Le deputate Deiana e Terzoni: “Per la salvaguardia dei beni ambientali c’è una totale carenza di leggi nazionali”

Sabato scorso, 13 aprile, si è tenuto a Roma un tavolo tecnico, voluto dalla SSI, Società Speleologica Italiana, con le deputate del Movimento 5 stelle Paola Deiana e Patrizia Terzoni, per illustrare il disegno di legge, da loro presentato e firmato dai colleghi pentastellati, sulla tutela, valorizzazione e gestione del patrimonio geologico, speleologico e geominerario.

Presenti alla riunione anche i referenti CAI (Club Alpino Italiano) e FSR (Federazioni speleologiche regionali).

La proposta di legge stabilisce criteri e princìpi per la tutela, la valorizzazione, l’individuazione, la classificazione, il monitoraggio e la gestione, anche a fini turistici, di tali siti e prevede l’istituzione della rete dei parchi geominerari.

“Secondo l’articolo 117 della Costituzione, la tutela dei beni ambientali è prerogativa dello Stato, ma per quanto riguarda questi siti, che non sono solo beni ambientali, ma veri e propri monumenti naturali, si ha una totale carenza di leggi nazionali. A nostro avviso – sottolineano Paola Deiana e Patrizia Terzoni – questo rappresenta una lacuna che deve essere colmata considerato che il territorio italiano è particolarmente ricco di questo tipo di formazioni”.

La proposta di legge “non intende sovrapporsi al lavoro svolto dalle Regioni e dalle associazioni, ma – spiegano le deputate – armonizzare le diverse normative regionali prevedendo strumenti che possono essere applicati e replicati in tutto il territorio nazionale e stabilendo criteri condivisi e omogenei per il riconoscimento e la classificazione dei geositi ipogei e del patrimonio speleologico. Una particolare attenzione è rivolta alla tutela di questi meravigliosi luoghi e all’istituzione di un catasto nazionale condiviso”.
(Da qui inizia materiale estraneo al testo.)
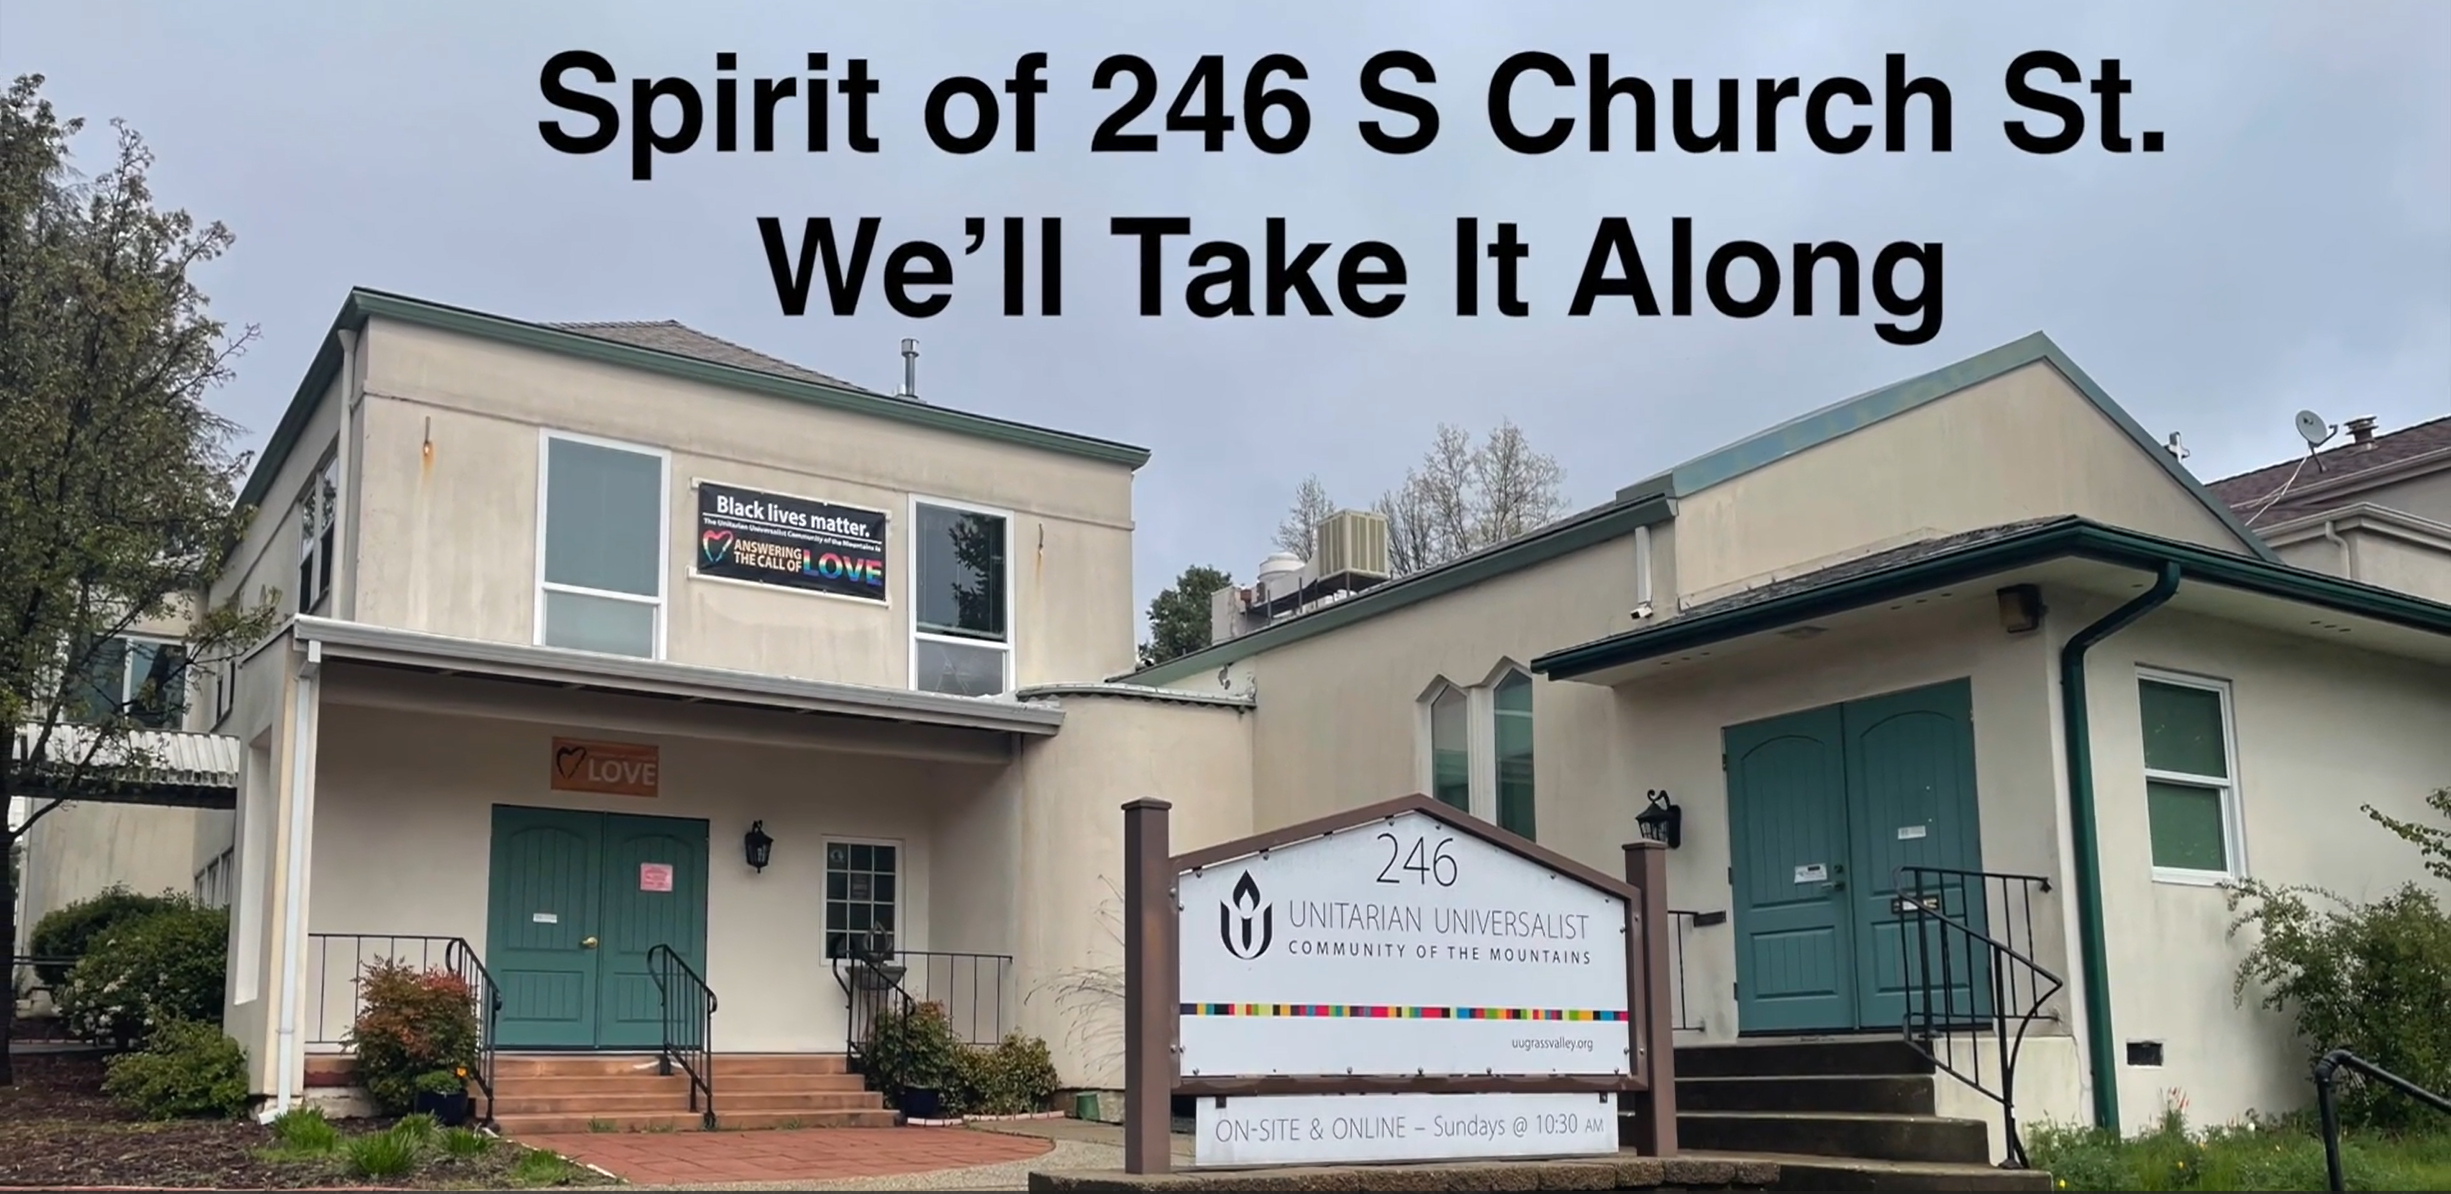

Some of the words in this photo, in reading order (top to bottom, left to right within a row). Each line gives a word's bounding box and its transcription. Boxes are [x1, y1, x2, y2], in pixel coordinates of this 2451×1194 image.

“Per portare a termine questo grande progetto – concludono le parlamentari -, a nostro avviso è necessaria una legge quadro nazionale, che detti le linee guida e che copra a 360 gradi il lavoro già svolto, che riunisca le diverse normative regionali garantendo criteri di qualità e di classificazione scientifica omogenei e che sia in grado di assicurare la tutela ambientale degli ecosistemi interessati”.

“È stato un incontro molto costruttivo – hanno detto le parlamentari -. Sono stati affrontati punti dirimenti e siamo aperte a eventuali modifiche sulla scorta dei pareri degli esperti che abbiamo sentito”.